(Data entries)

* * * * * * * * *

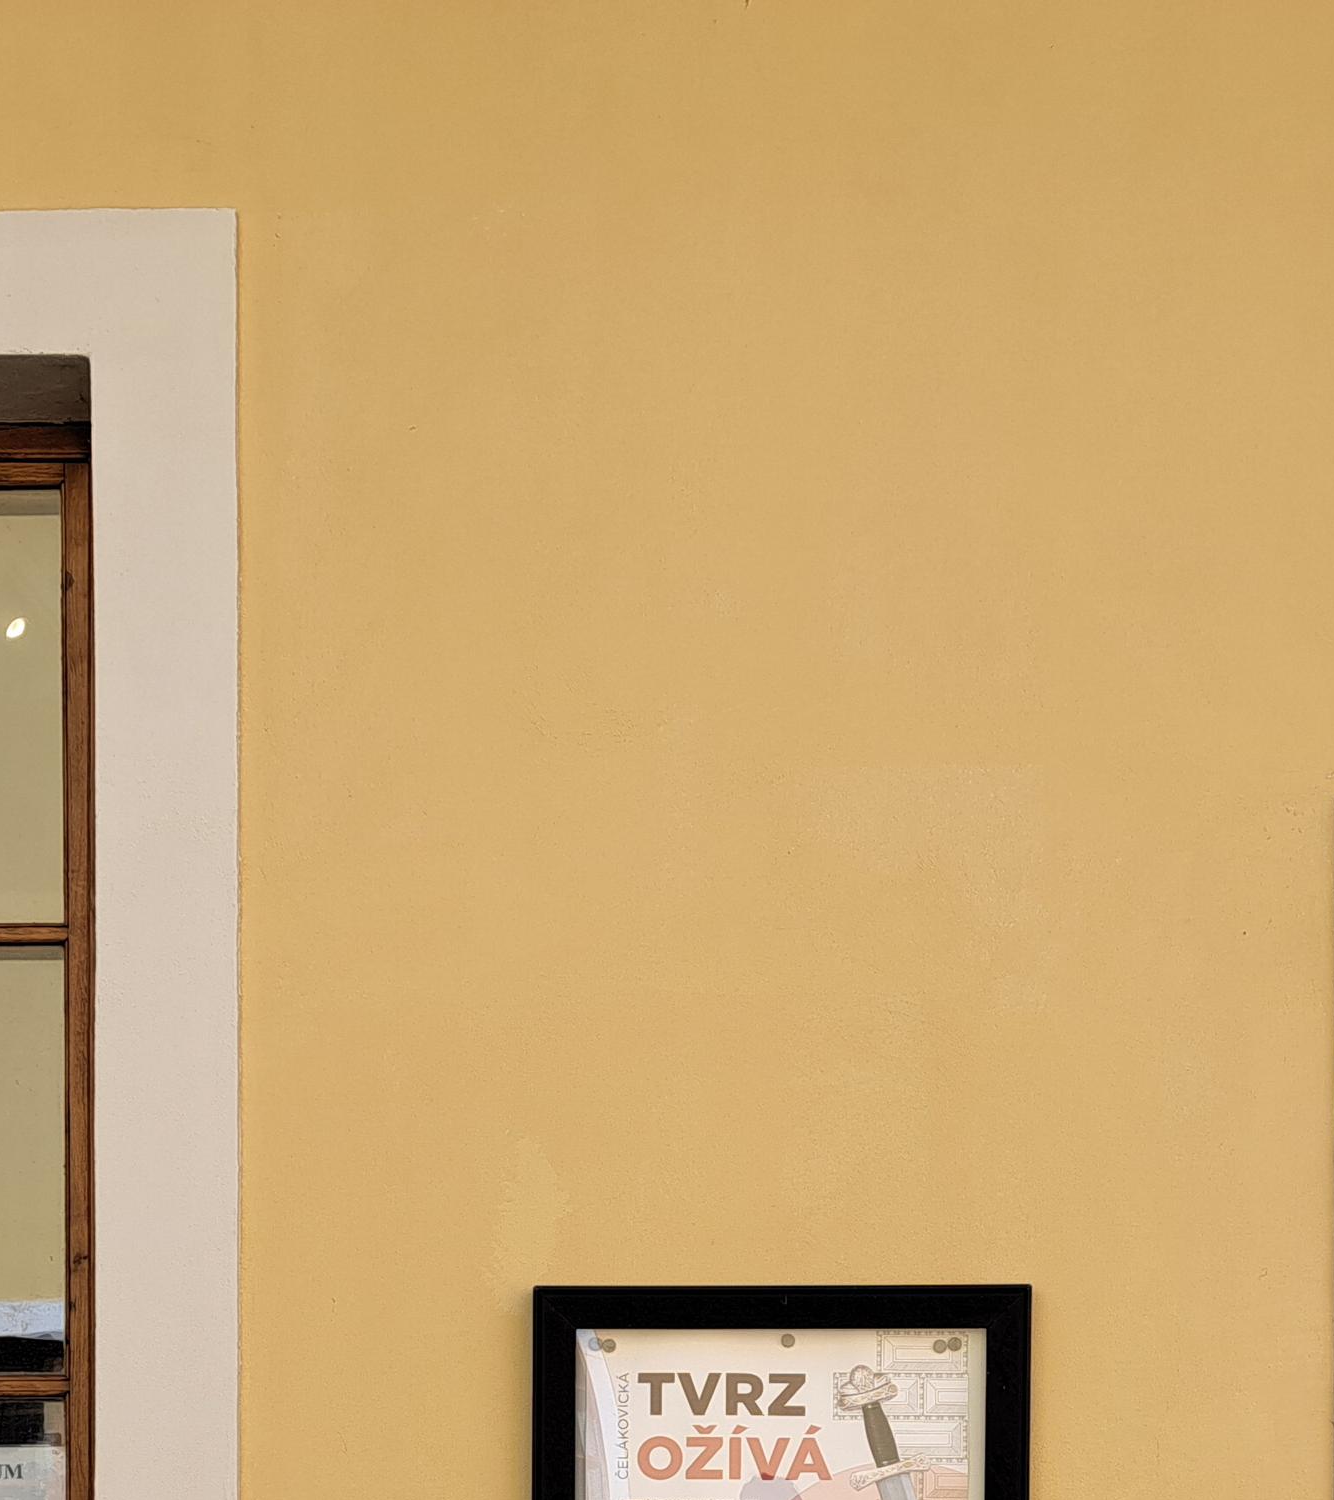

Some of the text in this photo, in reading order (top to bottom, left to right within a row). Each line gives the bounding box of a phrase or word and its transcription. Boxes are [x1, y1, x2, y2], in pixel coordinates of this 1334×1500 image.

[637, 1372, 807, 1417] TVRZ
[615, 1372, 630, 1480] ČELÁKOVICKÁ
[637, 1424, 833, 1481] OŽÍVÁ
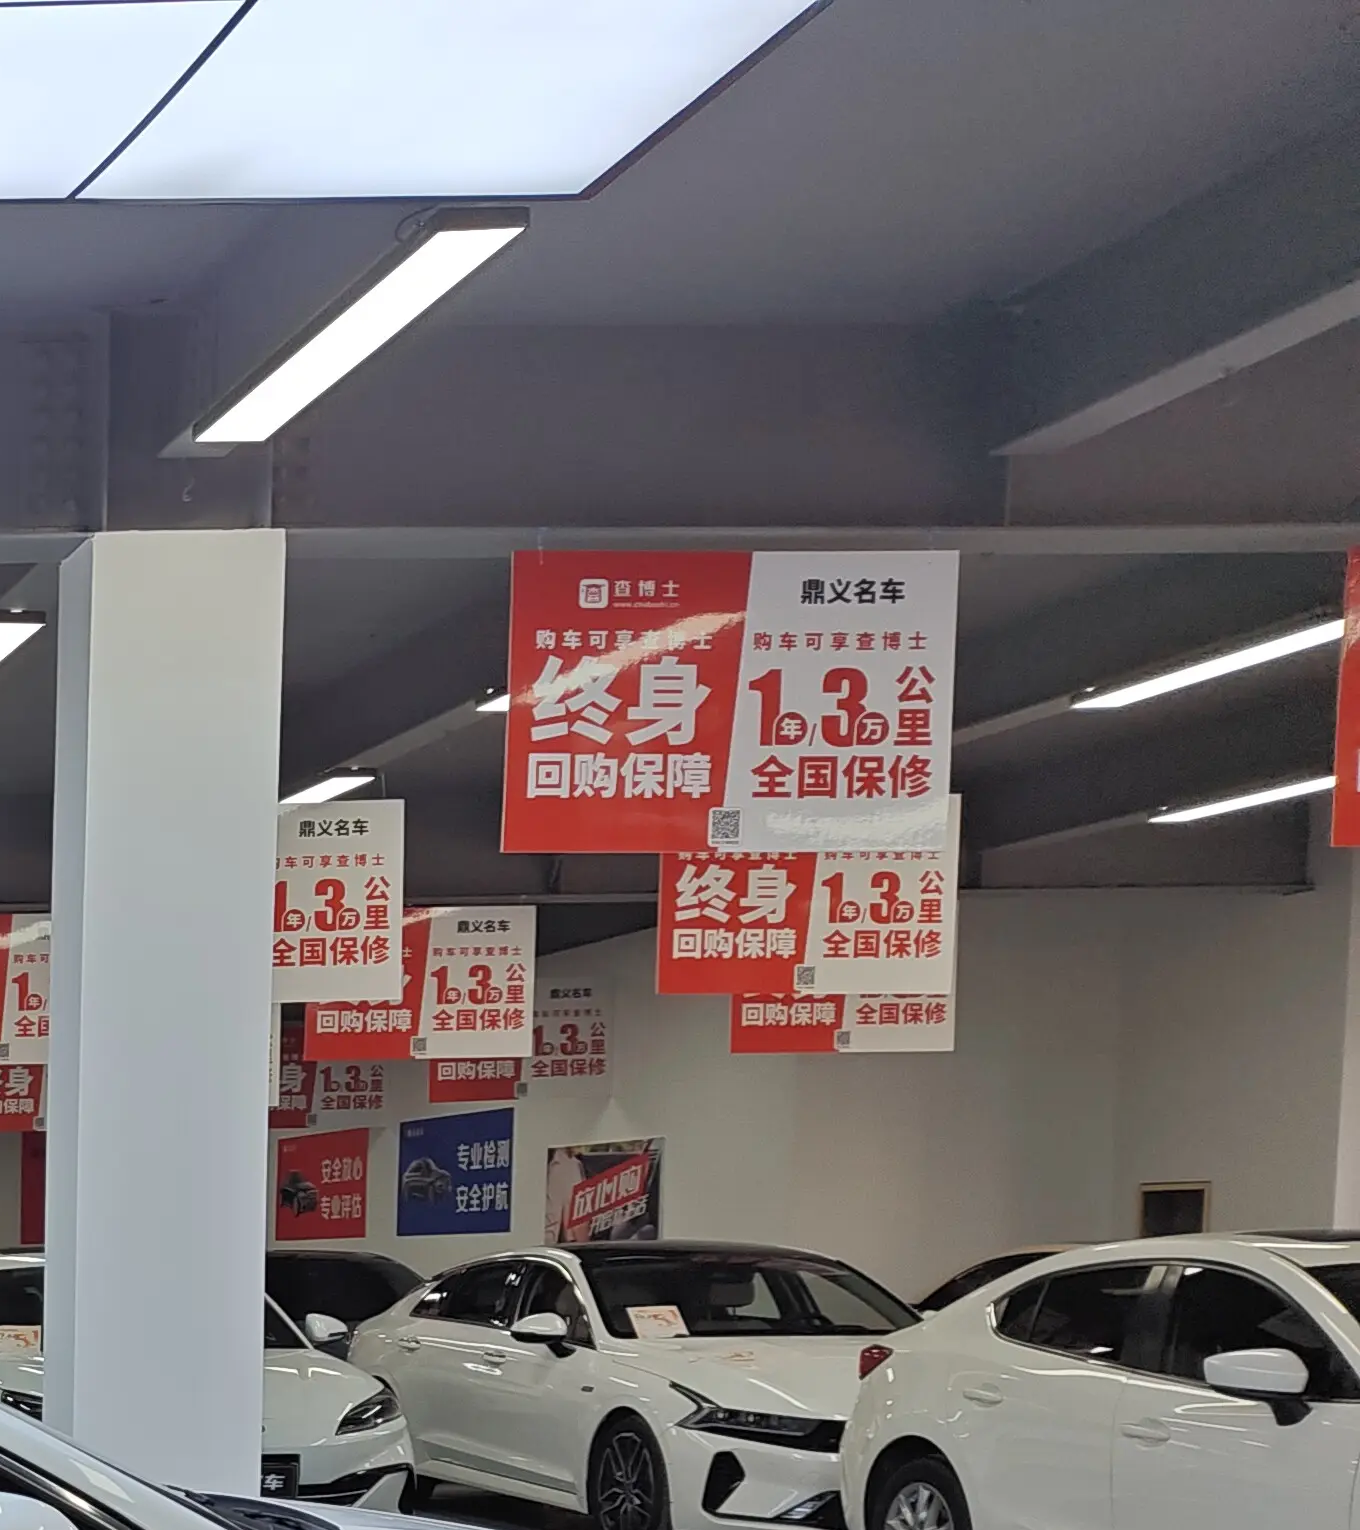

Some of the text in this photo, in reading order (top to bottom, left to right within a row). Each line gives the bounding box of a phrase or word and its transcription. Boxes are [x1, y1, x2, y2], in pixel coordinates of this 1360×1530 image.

* * * * * * * * *

• [Problem statement]
Every line above is to be written out unchanged, with the pictures omitted.

• [Answer area]
Some of the text in this photo, in reading order (top to bottom, left to right within a row). Each line gives the bounding box of a phrase or word and its transcription. Boxes are [x1, y1, x2, y2], in pixel coordinates of this 1334×1500 image.

[637, 1372, 807, 1417] TVRZ
[615, 1372, 630, 1480] ČELÁKOVICKÁ
[637, 1424, 833, 1481] OŽÍVÁ

Some of the text in this photo, in reading order (top to bottom, left to right within a row). Each line gives the bounding box of a phrase or word and its transcription. Boxes are [x1, y1, x2, y2], in pixel coordinates of this 1360×1530 image.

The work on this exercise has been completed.